Cardio-Respiratory Exercise Recommendations: How much ?

   

WHAT IS IT ?

Cardiorespiratory endurance training refers to the ability of an individual to perform large muscle, repetitive, moderate to high intensity exercise for an extended/prolonged period.

GOAL 

To increase heart rate (HR) and respiration to place proper stress on the cardiorespiratory system (i.e heart & lungs).

CARDIORESPIRATORY EXERCISE AND ACTIVITIES

Walking, cycling, aqua-aerobics, dancing, jogging, running, rowing, aerobics, spinning, elliptical trainer, stepping exercises, swimming, skiing, skating, racquet sports, basketball, football/soccer, hiking etc. 

RECOMMENDATIONS OF CARDIORESPIRATORY EXERCISE

- The recommendations(minimum) provided here are for all healthy adults aged 18-65 years 



COMPONENT
Evidence – Based Recommendation
Frequency
5 days/wk of moderate exercise, or
3 days/wk of vigorous exercise, or
A combination of moderate and vigorous exercise on 3-5 days/wk

Intensity
Moderate – and/or vigorous intensity exercise for most adults
Light to moderate intensity exercise may be beneficial in deconditioned persons

Time
30-60 min/day (150 min/wk) of purposeful moderate exercise, or
20-60 min/day (75 min/wk) of vigorous exercise, or
A combination of moderate and vigorous exercise per day for most adults.

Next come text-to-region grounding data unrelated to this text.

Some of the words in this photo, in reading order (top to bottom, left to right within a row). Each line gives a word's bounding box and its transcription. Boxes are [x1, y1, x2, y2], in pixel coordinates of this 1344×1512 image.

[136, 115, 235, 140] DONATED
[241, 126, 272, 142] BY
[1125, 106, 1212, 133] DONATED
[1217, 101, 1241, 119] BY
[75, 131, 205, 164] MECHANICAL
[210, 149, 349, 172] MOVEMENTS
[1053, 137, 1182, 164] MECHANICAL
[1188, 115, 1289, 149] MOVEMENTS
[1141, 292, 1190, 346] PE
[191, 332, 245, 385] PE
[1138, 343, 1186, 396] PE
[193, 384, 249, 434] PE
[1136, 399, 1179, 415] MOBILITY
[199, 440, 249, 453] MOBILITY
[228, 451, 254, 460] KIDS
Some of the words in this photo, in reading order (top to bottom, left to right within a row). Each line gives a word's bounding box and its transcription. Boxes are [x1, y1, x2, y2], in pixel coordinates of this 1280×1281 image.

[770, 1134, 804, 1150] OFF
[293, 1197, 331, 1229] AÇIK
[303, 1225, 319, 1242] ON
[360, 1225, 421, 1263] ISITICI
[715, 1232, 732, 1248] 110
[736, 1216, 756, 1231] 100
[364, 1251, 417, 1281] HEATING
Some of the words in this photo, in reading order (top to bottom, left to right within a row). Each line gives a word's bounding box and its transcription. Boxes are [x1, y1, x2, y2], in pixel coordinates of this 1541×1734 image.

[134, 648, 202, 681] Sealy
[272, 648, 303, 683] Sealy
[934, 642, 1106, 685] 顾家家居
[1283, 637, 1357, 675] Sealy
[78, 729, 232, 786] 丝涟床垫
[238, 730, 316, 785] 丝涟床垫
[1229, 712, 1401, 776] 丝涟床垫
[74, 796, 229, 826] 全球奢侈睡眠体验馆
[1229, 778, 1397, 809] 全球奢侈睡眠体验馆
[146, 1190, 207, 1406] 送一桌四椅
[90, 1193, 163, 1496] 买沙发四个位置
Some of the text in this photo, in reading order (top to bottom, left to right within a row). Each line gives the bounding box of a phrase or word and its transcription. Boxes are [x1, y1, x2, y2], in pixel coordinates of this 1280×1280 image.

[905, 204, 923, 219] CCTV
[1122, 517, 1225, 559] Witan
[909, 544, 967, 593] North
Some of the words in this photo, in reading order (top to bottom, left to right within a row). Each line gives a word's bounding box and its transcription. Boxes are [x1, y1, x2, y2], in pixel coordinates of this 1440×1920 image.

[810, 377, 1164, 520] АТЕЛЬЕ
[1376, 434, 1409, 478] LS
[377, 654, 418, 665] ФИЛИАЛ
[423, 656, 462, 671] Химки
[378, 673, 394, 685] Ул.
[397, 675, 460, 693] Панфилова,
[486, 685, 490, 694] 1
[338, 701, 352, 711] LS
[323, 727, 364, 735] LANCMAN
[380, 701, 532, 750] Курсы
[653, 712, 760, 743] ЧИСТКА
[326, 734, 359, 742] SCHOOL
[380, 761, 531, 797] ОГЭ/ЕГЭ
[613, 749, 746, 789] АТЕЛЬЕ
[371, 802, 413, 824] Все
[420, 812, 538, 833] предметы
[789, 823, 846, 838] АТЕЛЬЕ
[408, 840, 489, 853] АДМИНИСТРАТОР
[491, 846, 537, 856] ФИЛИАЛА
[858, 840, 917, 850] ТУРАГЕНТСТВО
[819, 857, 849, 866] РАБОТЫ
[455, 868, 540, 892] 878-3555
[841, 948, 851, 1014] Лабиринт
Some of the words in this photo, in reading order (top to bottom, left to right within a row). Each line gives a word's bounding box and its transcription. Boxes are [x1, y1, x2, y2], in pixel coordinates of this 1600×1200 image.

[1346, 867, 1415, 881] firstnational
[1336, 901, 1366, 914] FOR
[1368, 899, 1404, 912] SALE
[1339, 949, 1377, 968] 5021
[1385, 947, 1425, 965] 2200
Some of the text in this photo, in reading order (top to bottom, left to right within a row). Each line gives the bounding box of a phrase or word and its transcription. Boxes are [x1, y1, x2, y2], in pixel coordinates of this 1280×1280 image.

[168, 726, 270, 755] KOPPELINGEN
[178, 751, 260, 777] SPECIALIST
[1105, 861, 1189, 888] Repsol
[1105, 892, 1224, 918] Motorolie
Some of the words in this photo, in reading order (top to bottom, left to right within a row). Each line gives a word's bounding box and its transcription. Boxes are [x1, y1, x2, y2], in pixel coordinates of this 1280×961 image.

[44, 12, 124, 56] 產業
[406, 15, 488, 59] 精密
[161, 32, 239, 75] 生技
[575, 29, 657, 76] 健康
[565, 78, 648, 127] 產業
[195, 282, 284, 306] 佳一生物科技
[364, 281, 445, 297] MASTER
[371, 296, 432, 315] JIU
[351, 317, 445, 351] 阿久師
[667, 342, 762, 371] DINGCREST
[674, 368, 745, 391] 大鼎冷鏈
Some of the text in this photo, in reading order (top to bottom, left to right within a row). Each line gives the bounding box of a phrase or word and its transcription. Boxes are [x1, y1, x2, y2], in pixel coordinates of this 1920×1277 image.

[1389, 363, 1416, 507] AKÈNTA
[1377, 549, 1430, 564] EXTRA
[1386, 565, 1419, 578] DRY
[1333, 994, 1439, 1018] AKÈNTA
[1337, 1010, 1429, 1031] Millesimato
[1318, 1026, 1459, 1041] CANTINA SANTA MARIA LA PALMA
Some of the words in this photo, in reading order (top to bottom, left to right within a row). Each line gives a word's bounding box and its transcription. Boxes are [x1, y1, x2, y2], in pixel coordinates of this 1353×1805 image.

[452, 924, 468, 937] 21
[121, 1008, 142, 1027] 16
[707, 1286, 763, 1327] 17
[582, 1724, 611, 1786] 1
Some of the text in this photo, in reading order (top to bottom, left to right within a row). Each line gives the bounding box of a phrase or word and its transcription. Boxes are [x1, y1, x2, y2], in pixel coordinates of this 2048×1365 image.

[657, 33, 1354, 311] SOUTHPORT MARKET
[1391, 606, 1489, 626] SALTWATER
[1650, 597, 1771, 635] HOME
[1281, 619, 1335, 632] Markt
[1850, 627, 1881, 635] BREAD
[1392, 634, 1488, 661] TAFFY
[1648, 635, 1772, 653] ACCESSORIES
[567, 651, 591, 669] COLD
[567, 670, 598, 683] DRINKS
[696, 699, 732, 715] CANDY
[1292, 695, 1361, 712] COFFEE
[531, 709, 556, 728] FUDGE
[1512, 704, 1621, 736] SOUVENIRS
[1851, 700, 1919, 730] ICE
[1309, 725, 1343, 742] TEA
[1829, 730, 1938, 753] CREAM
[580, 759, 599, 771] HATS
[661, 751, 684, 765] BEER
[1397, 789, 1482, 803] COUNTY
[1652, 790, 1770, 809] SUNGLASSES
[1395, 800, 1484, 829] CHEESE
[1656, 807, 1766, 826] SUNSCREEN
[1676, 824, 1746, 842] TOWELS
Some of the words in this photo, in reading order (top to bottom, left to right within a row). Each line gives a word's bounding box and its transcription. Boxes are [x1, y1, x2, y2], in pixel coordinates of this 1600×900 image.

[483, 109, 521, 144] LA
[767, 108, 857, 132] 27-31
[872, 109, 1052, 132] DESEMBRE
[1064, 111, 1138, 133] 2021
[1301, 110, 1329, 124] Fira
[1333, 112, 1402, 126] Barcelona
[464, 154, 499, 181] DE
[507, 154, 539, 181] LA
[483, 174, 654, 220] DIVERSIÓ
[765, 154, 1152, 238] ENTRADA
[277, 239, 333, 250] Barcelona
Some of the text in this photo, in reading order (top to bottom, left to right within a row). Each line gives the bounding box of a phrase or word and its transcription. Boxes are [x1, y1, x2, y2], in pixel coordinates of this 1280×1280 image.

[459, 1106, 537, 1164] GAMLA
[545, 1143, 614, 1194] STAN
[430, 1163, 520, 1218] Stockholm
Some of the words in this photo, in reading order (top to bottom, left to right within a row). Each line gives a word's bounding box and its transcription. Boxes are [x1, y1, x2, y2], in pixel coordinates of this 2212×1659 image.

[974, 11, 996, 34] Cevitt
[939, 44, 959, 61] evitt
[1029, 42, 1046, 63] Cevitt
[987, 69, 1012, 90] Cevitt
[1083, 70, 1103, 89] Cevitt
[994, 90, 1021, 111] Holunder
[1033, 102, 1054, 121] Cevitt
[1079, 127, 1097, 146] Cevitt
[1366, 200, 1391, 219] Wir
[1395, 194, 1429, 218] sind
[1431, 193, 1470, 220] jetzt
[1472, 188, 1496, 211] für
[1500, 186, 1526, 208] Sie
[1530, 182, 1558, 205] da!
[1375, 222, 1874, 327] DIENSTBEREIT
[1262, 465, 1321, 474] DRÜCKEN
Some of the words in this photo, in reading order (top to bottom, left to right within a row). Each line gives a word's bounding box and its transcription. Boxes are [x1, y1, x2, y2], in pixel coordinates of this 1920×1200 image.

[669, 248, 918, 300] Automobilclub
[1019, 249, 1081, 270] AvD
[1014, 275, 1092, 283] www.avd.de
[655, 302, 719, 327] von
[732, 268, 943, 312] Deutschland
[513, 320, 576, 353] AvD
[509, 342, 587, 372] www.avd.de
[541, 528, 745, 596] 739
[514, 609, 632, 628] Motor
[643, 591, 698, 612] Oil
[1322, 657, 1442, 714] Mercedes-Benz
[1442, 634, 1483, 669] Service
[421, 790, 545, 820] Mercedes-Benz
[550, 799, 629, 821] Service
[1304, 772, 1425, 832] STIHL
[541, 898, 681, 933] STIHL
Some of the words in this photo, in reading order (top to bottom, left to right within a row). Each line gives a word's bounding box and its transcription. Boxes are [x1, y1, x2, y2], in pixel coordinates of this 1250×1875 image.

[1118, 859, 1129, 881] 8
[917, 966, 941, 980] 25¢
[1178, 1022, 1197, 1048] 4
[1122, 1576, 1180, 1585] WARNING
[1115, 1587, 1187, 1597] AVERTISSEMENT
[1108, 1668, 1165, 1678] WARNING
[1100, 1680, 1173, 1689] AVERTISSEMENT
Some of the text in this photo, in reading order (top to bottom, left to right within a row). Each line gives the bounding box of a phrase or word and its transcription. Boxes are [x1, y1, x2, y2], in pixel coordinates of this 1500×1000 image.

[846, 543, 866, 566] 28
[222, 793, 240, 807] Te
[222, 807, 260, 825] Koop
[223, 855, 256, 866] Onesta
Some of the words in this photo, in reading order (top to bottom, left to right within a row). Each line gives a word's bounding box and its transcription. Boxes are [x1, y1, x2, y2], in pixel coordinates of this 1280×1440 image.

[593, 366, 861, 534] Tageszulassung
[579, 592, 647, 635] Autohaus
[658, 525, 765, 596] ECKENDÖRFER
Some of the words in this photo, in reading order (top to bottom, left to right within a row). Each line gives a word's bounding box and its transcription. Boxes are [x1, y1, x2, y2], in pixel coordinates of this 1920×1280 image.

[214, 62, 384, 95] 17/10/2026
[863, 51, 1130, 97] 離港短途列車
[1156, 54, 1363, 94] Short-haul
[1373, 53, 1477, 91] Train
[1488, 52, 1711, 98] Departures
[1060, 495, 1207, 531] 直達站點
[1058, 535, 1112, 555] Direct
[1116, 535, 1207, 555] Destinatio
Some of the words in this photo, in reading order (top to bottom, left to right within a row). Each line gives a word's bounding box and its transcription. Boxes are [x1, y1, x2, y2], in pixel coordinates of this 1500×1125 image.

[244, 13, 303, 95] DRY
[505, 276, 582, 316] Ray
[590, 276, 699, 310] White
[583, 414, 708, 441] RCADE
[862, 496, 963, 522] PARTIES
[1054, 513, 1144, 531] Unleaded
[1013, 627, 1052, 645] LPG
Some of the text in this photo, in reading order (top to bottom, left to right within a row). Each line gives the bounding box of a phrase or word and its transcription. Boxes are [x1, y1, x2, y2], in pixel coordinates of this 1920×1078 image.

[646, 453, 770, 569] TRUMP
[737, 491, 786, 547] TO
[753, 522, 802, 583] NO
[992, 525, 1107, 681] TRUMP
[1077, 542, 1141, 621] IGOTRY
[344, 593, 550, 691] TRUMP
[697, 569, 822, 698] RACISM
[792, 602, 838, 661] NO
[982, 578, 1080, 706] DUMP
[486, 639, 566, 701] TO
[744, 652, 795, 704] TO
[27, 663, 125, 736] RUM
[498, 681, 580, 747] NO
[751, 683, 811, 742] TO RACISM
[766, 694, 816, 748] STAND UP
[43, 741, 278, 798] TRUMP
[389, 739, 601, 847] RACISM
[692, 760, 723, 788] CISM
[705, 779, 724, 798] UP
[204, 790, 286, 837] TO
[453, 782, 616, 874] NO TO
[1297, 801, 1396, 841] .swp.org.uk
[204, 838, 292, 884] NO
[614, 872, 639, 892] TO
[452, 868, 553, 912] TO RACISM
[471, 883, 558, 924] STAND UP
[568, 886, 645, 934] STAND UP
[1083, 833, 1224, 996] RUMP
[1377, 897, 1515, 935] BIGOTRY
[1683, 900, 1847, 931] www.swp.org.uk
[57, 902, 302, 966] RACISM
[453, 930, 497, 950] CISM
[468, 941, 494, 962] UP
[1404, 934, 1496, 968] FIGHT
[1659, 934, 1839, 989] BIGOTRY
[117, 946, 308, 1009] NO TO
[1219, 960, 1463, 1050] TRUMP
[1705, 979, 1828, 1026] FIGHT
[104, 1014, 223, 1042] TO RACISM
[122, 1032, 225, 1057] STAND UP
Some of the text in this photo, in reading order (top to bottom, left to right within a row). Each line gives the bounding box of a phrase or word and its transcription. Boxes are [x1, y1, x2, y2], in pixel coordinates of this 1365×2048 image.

< 20 min/day (<150 min/wk) of exercise can be beneficial in previously sedentary persons

Type
Regular, purposeful exercise that involves major muscle groups and is continuous and rhythmic in nature.

Pattern
1 continuous session/day or in multiple 10 min sessions to accumulate the desired duration and volume of exercise per day

< 10 min per session may yield favorable adaptation in very deconditioned individuals

Progression
Gradual progression of exercise volume by adjusting exercise duration, frequency, and/or intensity until desired exercise goal (maintenance) is attained.



Benefits:

  • Decreased risk of premature death from all causes and specifically from heart disease and type 2 diabetes. 
  • Reduction in death from all causes
  • Increased likelihood of increased habitual activity levels that are also associated with health benefits.

Other points to be noted:

  • The session must include a warm-up, the endurance phase, and a cool-down.
  • It is important to maintain a proper posture and body alignment while participating in cardiorespiratory training. 
  • Progression should be individualized on the basis of the client's initial fitness level, health status, age and individual goals.
  • People with known health problems or at risk and older individuals must consult a physician before starting a vigorous intensity program and must be done under the guidance/supervision of a qualified professional.

Source:

 ACSM's Guidelines for Exercise Testing and Prescription, Ninth Edition. & ACSM's Resources for the Personal Trainer, Fourth Edition.